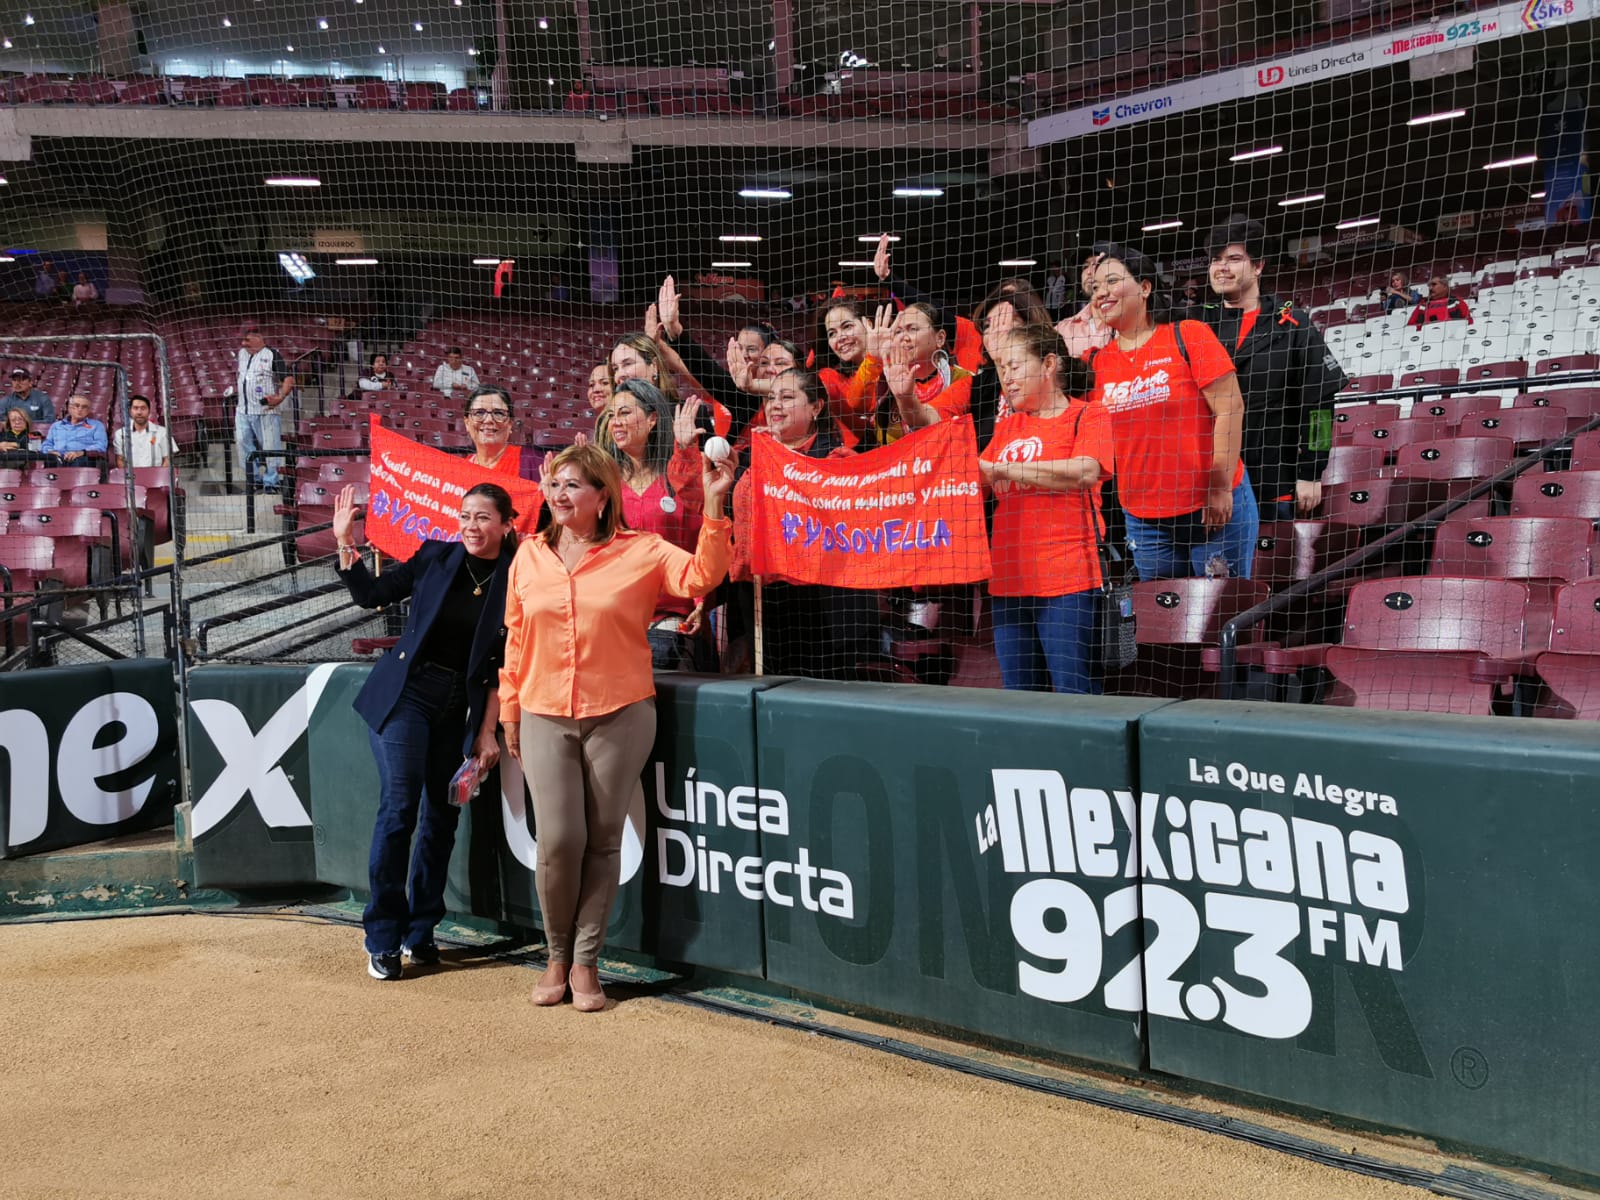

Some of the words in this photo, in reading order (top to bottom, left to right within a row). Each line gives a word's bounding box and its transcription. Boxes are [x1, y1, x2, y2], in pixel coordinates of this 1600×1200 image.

[1392, 33, 1445, 55] Mexicana
[1446, 21, 1481, 41] 92.3
[1482, 22, 1497, 33] FM
[1321, 51, 1365, 70] Directa
[1115, 94, 1172, 119] Chevron
[412, 471, 441, 489] para
[822, 475, 859, 488] para
[913, 457, 932, 475] la
[404, 489, 440, 512] contra
[812, 495, 851, 511] contra
[855, 491, 916, 511] mujeres
[655, 762, 790, 836] Línea
[1188, 757, 1220, 785] La
[1226, 763, 1286, 794] Que
[1293, 773, 1399, 818] Alegra
[975, 802, 998, 855] La
[991, 768, 1410, 914] Mexicana
[657, 827, 855, 920] Directa
[1009, 878, 1313, 1040] 92.3
[1307, 906, 1403, 972] FM
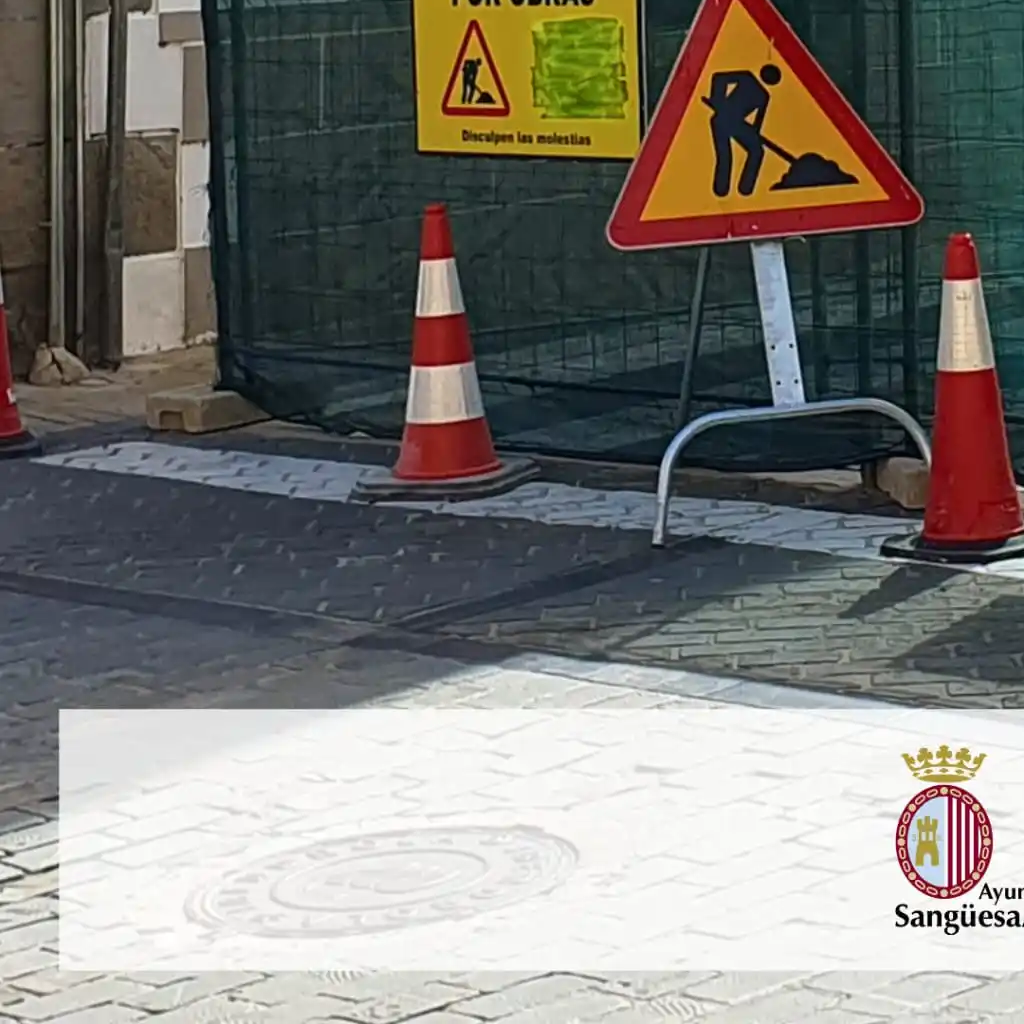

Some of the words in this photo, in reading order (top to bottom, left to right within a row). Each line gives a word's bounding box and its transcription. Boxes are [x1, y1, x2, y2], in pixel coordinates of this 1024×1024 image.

[462, 129, 514, 146] Disculpen
[517, 132, 533, 144] las
[536, 132, 591, 146] molestias
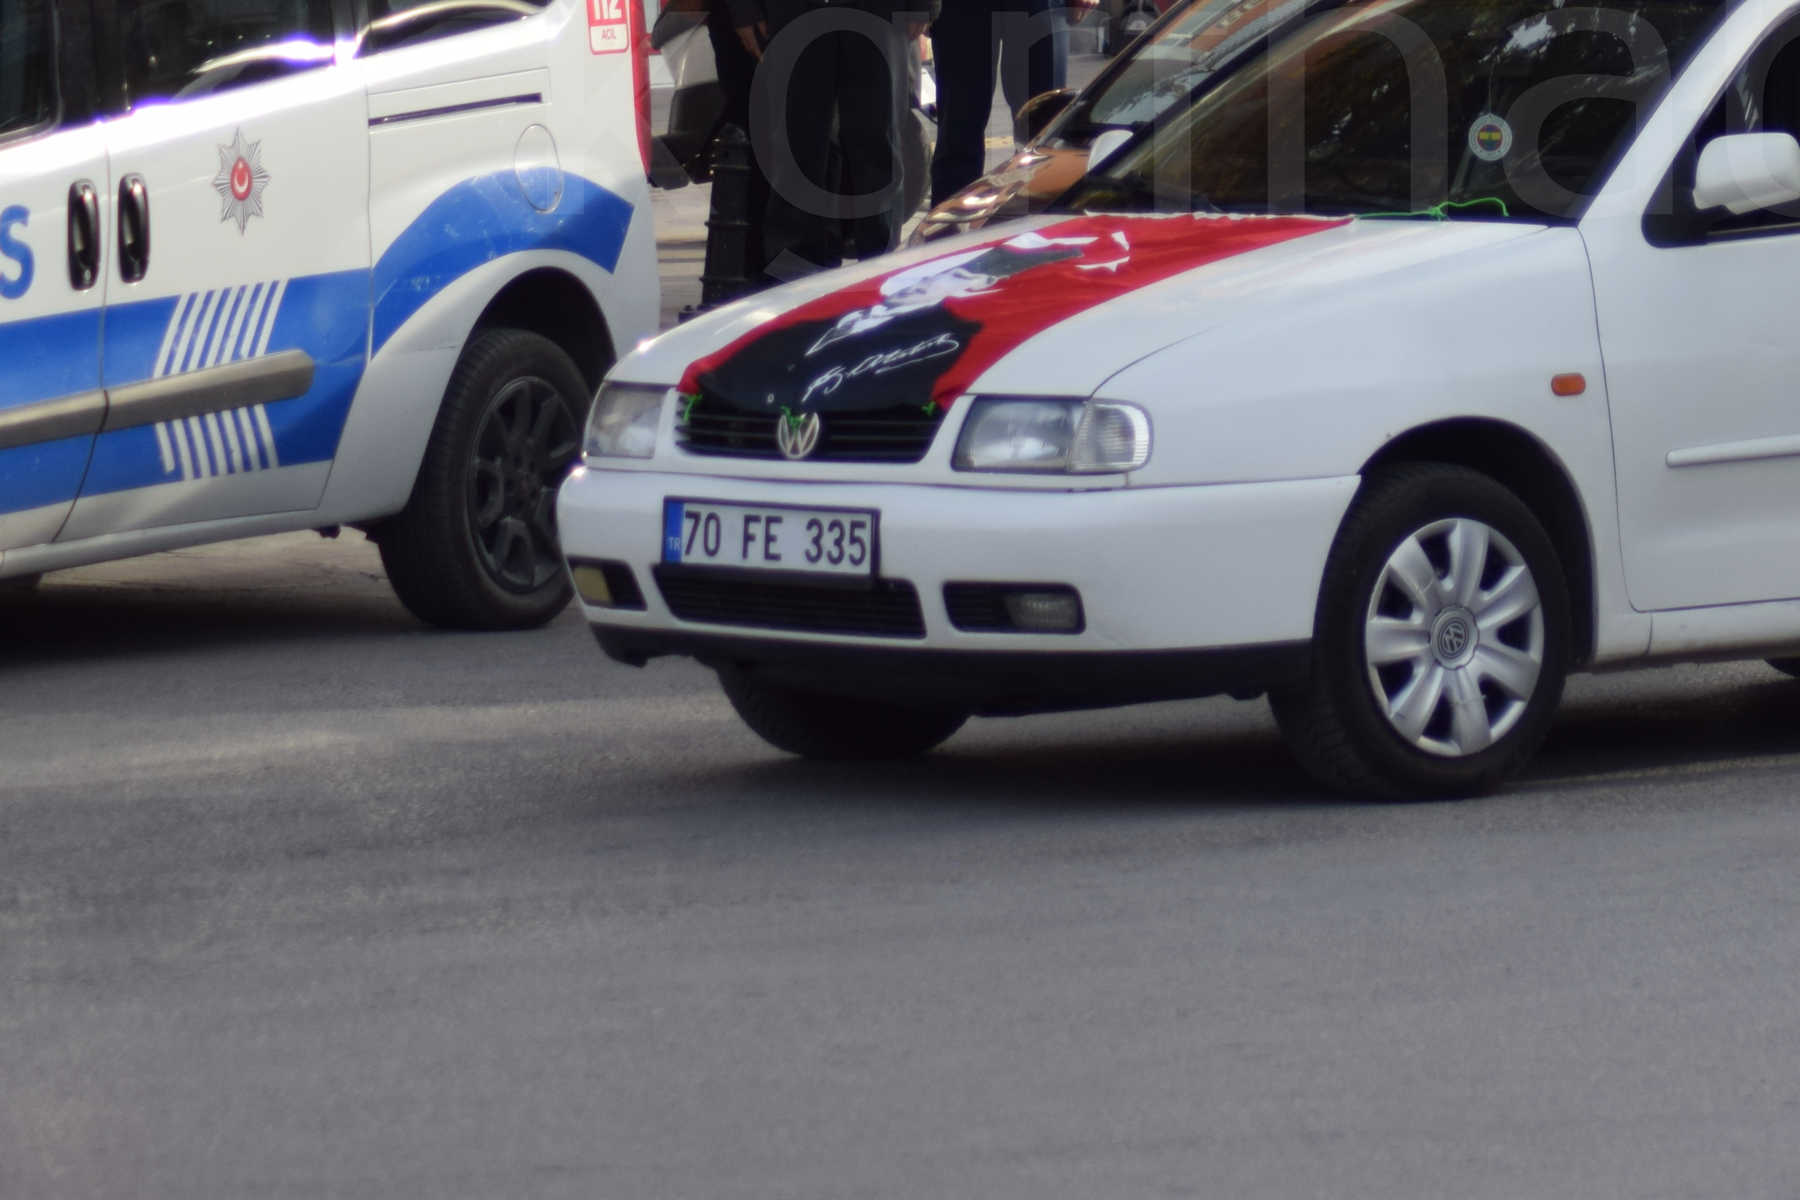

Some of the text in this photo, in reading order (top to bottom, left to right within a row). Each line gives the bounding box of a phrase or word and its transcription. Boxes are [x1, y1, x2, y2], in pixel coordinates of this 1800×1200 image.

[683, 511, 868, 567] 70 FE 335

• **What to do**:
Word for word, return the material above; the pictures stay out.

• **Answer to this problem**:
Some of the words in this photo, in reading order (top to bottom, left to right within a row). Each line gives a word's bounding box and its transcription. Boxes are [x1, y1, x2, y2], in pixel coordinates of this 1600×1200 image.

[1392, 33, 1445, 55] Mexicana
[1446, 21, 1481, 41] 92.3
[1482, 22, 1497, 33] FM
[1321, 51, 1365, 70] Directa
[1115, 94, 1172, 119] Chevron
[412, 471, 441, 489] para
[822, 475, 859, 488] para
[913, 457, 932, 475] la
[404, 489, 440, 512] contra
[812, 495, 851, 511] contra
[855, 491, 916, 511] mujeres
[655, 762, 790, 836] Línea
[1188, 757, 1220, 785] La
[1226, 763, 1286, 794] Que
[1293, 773, 1399, 818] Alegra
[975, 802, 998, 855] La
[991, 768, 1410, 914] Mexicana
[657, 827, 855, 920] Directa
[1009, 878, 1313, 1040] 92.3
[1307, 906, 1403, 972] FM

Some of the words in this photo, in reading order (top to bottom, left to right within a row). Each line gives a word's bounding box and its transcription. Boxes are [x1, y1, x2, y2], in pixel coordinates of this 1024×1024 image.

[462, 129, 514, 146] Disculpen
[517, 132, 533, 144] las
[536, 132, 591, 146] molestias

Some of the text in this photo, in reading order (top to bottom, left to right within a row). Each line gives the bounding box of a phrase or word and its transcription. Boxes are [x1, y1, x2, y2], in pixel coordinates of this 1800×1200 image.

[683, 511, 868, 567] 70 FE 335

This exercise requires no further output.